Die abgeschwächten Impfviren können von Geimpften bis zu sechs Wochen lang ausgeschieden und weiterverbreitet werden. Sie haben sich so verändert, dass sie unzureichend geimpfte Menschen potenziell krank machen können. Die Schluckimpfung wird in Deutschland nicht mehr genutzt.

Geringe Wahrscheinlichkeit für Ansteckung

Die Wahrscheinlichkeit einer Infektion sei jedoch äußerst gering und die Konsequenz einer Infektion – sofern man geimpft ist – vernachlässigbar, sagte der Berliner Virologe Christian Drosten der Deutschen Presse-Agentur kürzlich. Spezielle Vorsichtsmaßnahmen seien daher nicht notwendig – allerdings solle man seinen Impfschutz prüfen oder vom Hausarzt prüfen lassen.

Wie das RKI erklärte, ist es nach wie vor unklar, ob die gefundenen Viren aus dem Ausland eingeschleppt wurden oder ob in Deutschland bereits eine Übertragung stattgefunden hat. Ausgeschlossen sei eine solche Übertragung nicht. Verdachtsfälle auf die Krankheit seien bisher aber weder in Deutschland noch in anderen betroffenen Ländern in Europa bekannt.

Positive Proben in vielen europäischen Ländern

In Spanien, Polen, Großbritannien und Finnland wurden kürzlich ebenfalls Polioviren in Abwasserproben entdeckt, wie in der Fachzeitschrift "Eurosurveillance" berichtet wurde. "Es ist unklar, wie viele Länder Europas betroffen sind, da Abwassertestungen auf Polioviren nur in 23 der 53 Länder der Europäischen Region der Weltgesundheitsorganisation (WHO) durchgeführt werden", so das RKI.
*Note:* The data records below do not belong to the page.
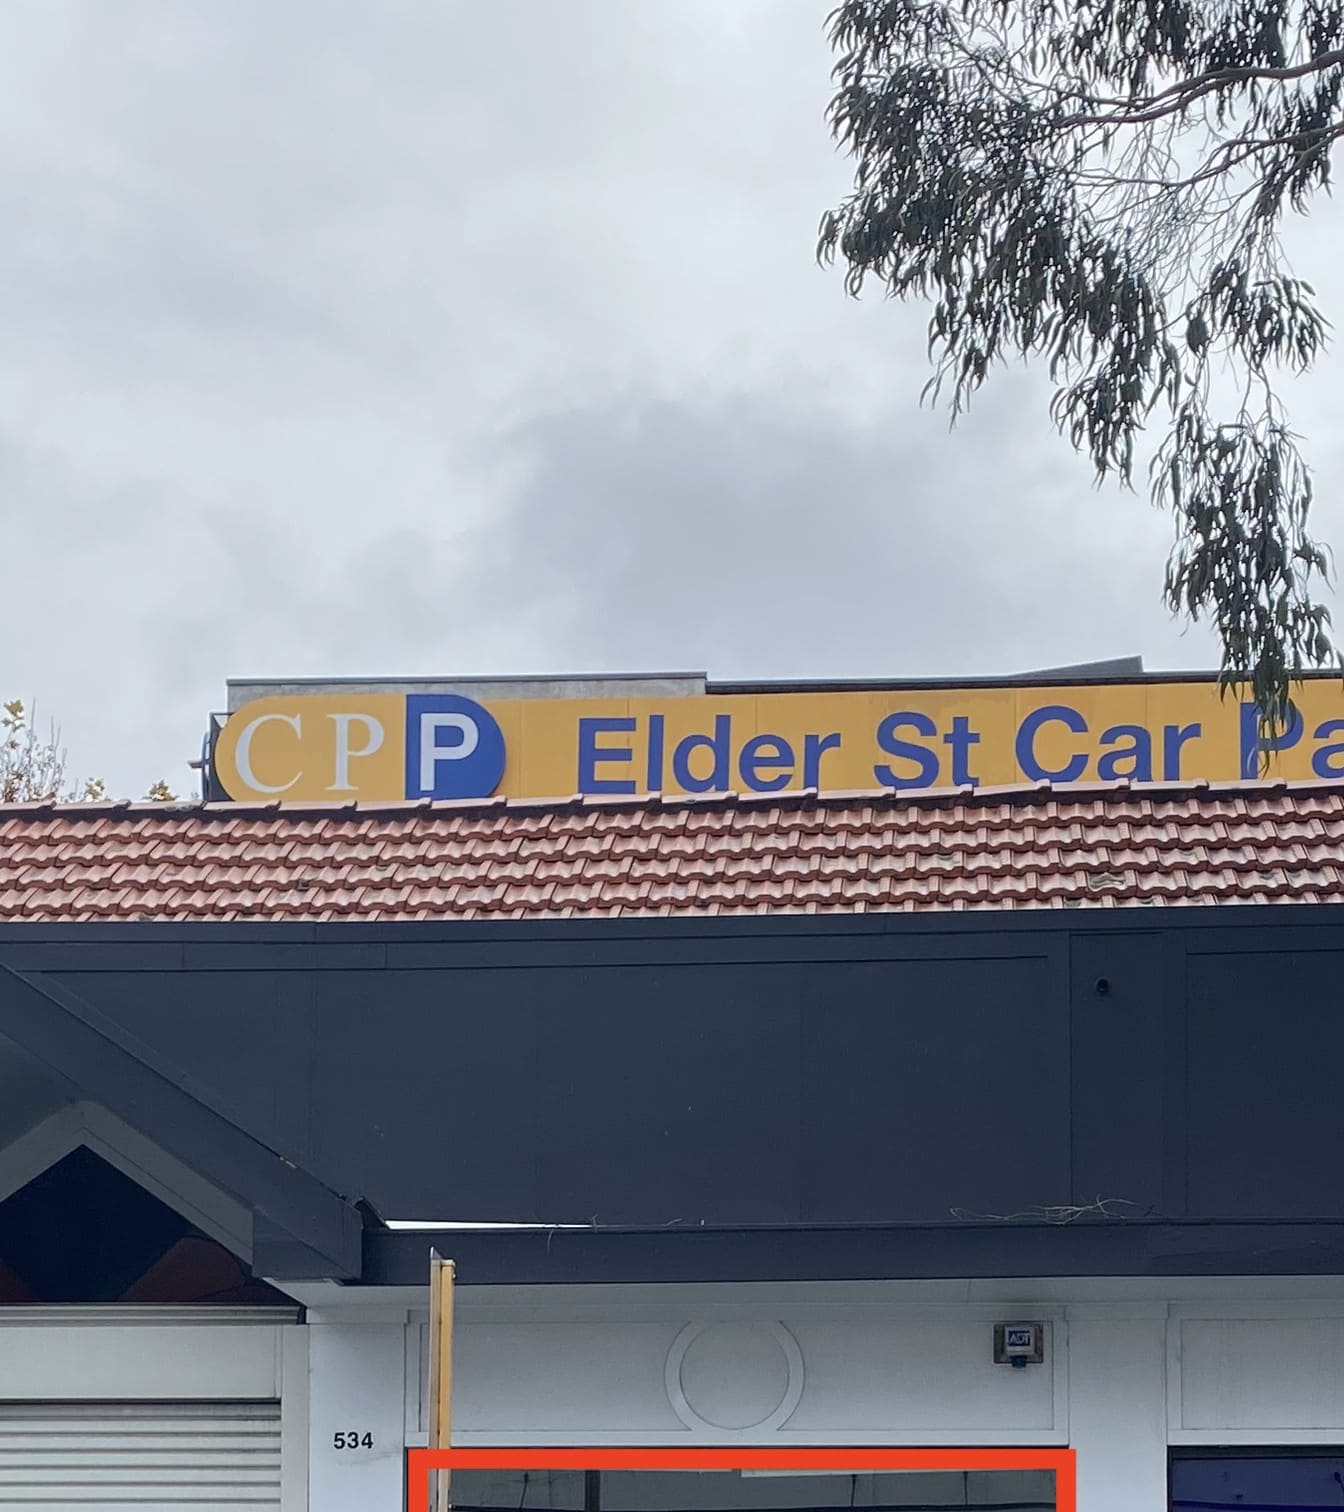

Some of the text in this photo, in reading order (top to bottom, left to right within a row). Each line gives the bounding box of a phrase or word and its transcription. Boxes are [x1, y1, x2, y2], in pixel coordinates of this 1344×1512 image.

[578, 714, 840, 794] Elder
[873, 711, 982, 790] St
[1015, 704, 1201, 784] Car
[1010, 1332, 1030, 1345] ADT
[333, 1432, 374, 1449] 534
In Deutschland hatte das RKI am 28. November 2024 erstmals über Nachweise von Schluckimpfstoff-abgeleiteten Polioviren im Abwasser berichtet. Die deutschlandweit letzten positiven Proben wurden den Experten zufolge Mitte Dezember in Köln, Bonn und Düsseldorf entdeckt. Allerdings stünden die Ergebnisse von Proben, die über den Jahreswechsel genommen worden seien, noch aus. (hp/dpa)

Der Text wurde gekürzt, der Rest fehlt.